The SBC is the sovereign landlord — site, power, water, fibre, housing on one tariff. Corridor data centres run at 5–6c/kWh against Singapore's 15–20c. For a 100MW facility, that single number is $70–100 million per year. Asia's compute crisis is solved on Australian soil under Australian law.
Singapore, Japan, South Korea, and Indonesia are running out of space for data centres. Land is scarce. Power is scarce. Water for cooling is scarce. Summer heat degrades equipment and increases cooling costs. The fastest-growing technology sector in the world is constrained by physical resources Asia cannot supply at the required scale.
Global demand for AI compute is growing exponentially. Every major AI model requires more compute than the last. Every government in the Asia-Pacific is trying to build sovereign AI capability without putting national data in American or Chinese clouds. The market for sovereign, low-cost, low-carbon compute is structural, growing, and underserved.
Australia has world-class fibre, a technically skilled workforce, and sovereign legal jurisdiction — but no competitive power price and no strategic data corridor. Australian data centres pay 15–20c/kWh for power. Singapore operators pay the same. Neither is competitive for hyperscale AI compute. The natural advantages Australia holds are wasted at the current power price.
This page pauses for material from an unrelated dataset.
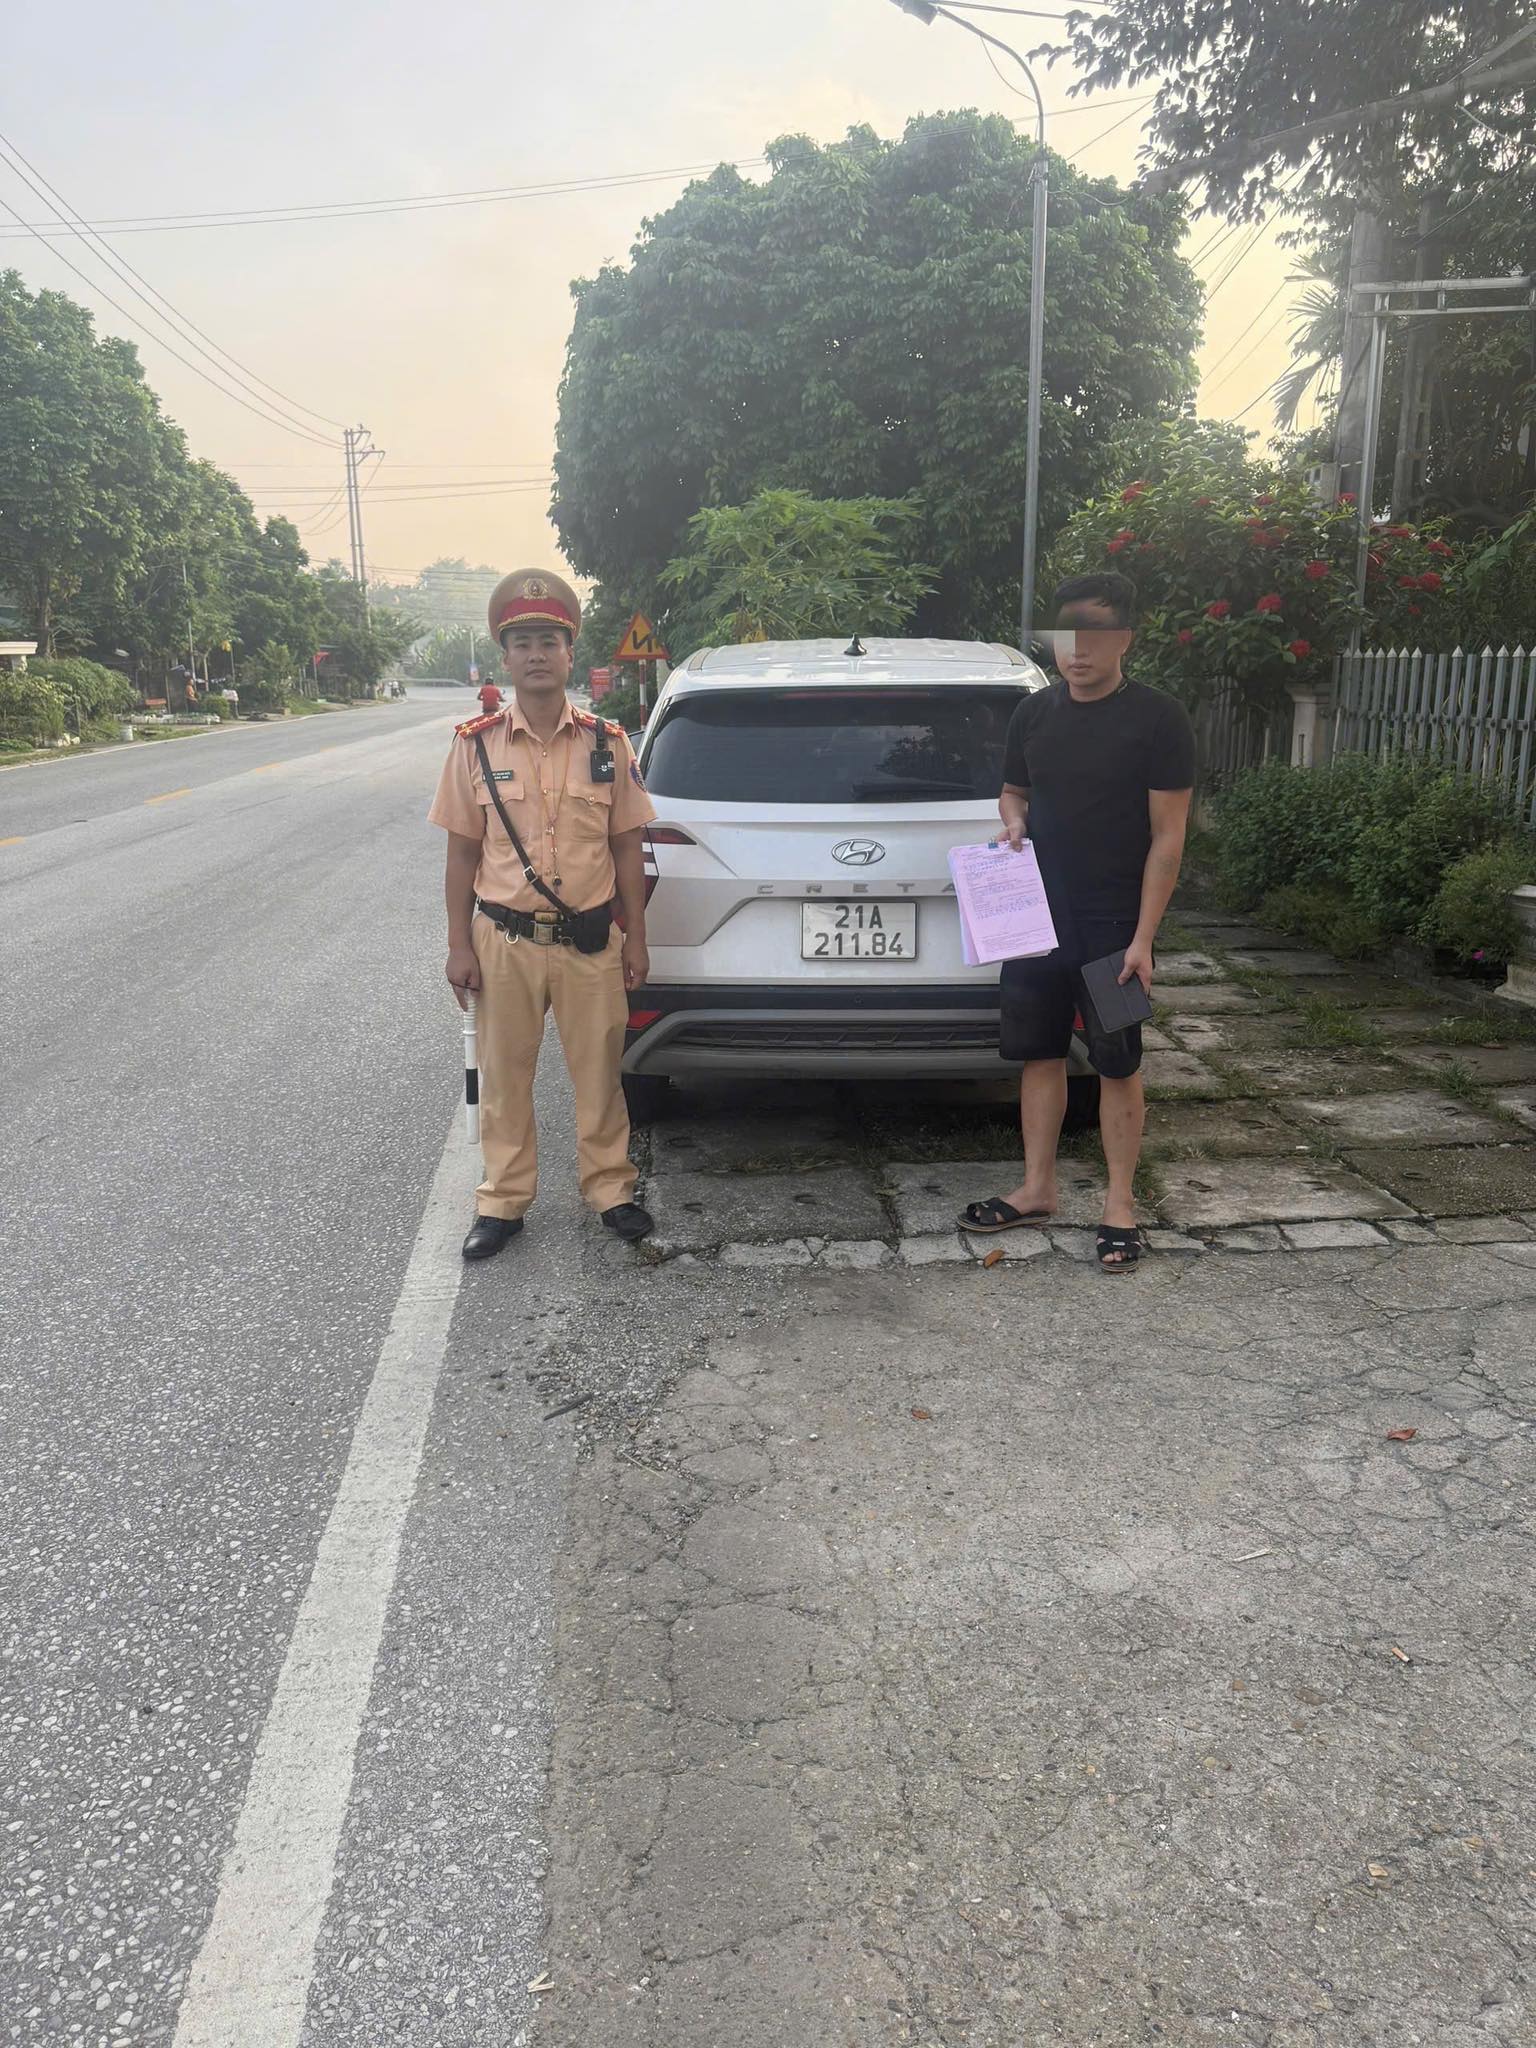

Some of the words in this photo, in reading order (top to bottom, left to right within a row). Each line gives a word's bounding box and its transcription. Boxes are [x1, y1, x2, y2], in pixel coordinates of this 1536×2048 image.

[757, 882, 957, 895] CRETA
[835, 904, 883, 929] 21A
[814, 932, 903, 956] 211.84
The SBC is the sovereign landlord. It provides the site, the power connection, the water, the fibre, and the housing. A data centre operator in Singapore pays 15–20c/kWh for power. An SBC corridor operator pays 5–6c/kWh — corridor generation cost plus sovereign margin. For a 100MW data centre, that is a $70–100 million per year power cost difference. That single number changes everything.
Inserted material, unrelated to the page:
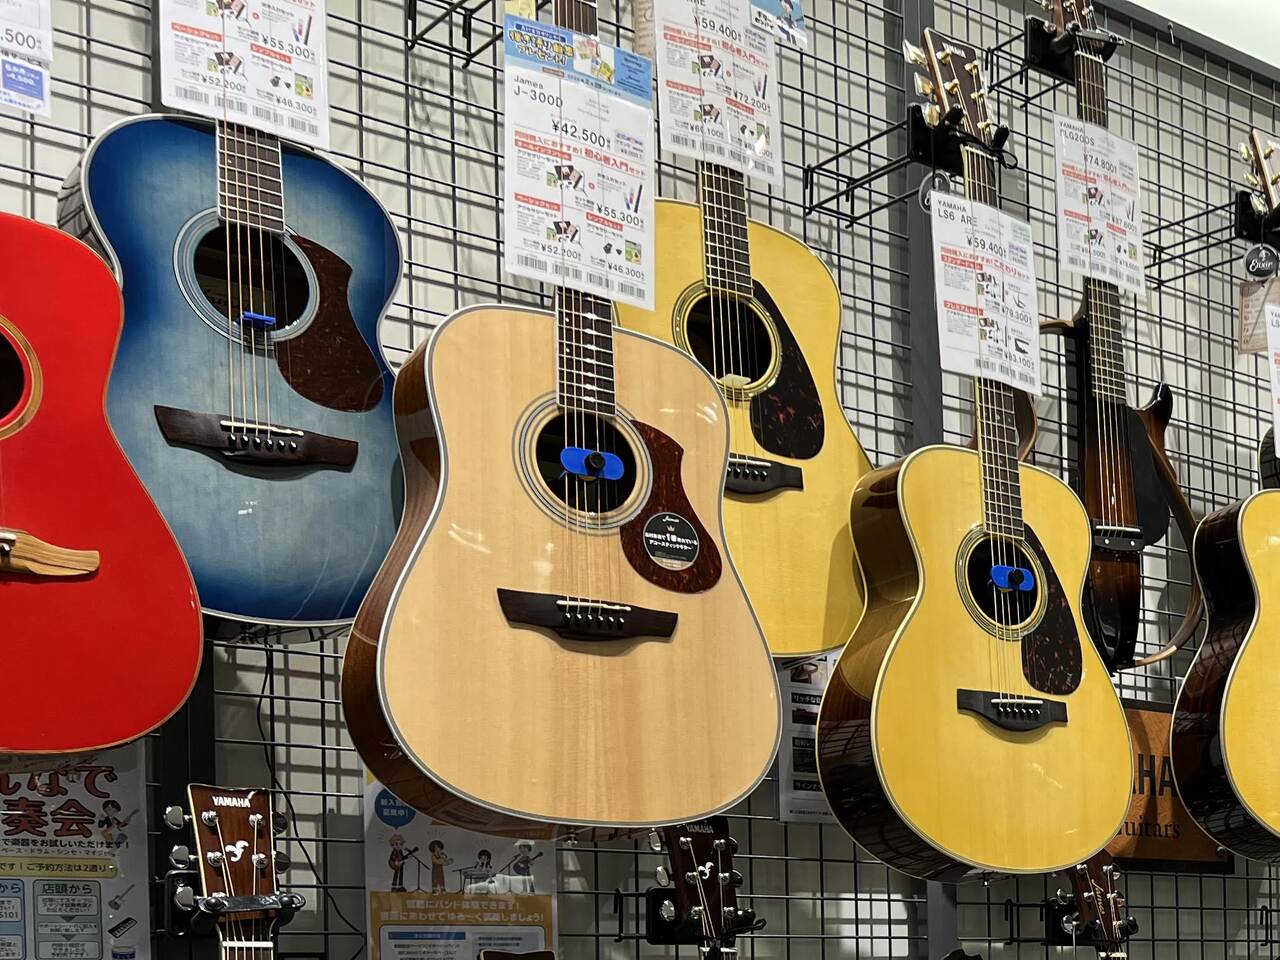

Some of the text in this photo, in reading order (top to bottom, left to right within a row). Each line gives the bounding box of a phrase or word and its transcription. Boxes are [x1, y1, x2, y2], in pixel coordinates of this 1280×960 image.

Data centres are among the largest freshwater consumers on earth. A 100MW facility uses 3–5 million litres of water per day for cooling. The northern water pipeline runs alongside every SBC corridor. Water for cooling is available at pipeline delivery cost plus margin — an order of magnitude cheaper than desalination or municipal supply. The water problem that constrains Singapore is solved.
The Asia Link cables run from the top of the SBC#2 corridor at Darwin to Singapore, Indonesia, the Philippines, PNG, and beyond. A corridor data centre connects to the fibre backbone and reaches Singapore in under 20 milliseconds. That latency is competitive with Singapore itself. For AI inference workloads that tolerate 20ms delay, the corridor is equivalent to being in Singapore — without the land, power, water, or jurisdictional risk.
Every government in the Asia-Pacific is trying to build sovereign AI capability without putting national data in American or Chinese clouds. An SBC data centre is sovereign — Australian law, Australian jurisdiction, Australian oversight. For governments, banks, health systems, and defence agencies that cannot trust US or Chinese infrastructure, the SBC corridor is the answer. The legal jurisdiction is the product.
European and North American regulations are pushing corporations toward low-carbon compute. An SBC corridor data centre runs on 100% verified renewable power with Australian certification — the greenest compute on earth. ESG-mandated procurement drives hyperscale operators toward the corridor. A green premium sits on top of the underlying cost advantage.
The SBC sets the terms. Site lease: fixed annual fee per hectare. Power tariff: generation cost plus sovereign margin. Water tariff: pipeline cost plus margin. Fibre access: per Gbps. It is a privilege to operate in Australia. Foreign operators pay market rates. Australian government operators pay sovereign rates for sensitive data under Australian law. The pricing reflects the underlying truth: the corridor is the most attractive AI compute site on earth, and Australia is the one that built it.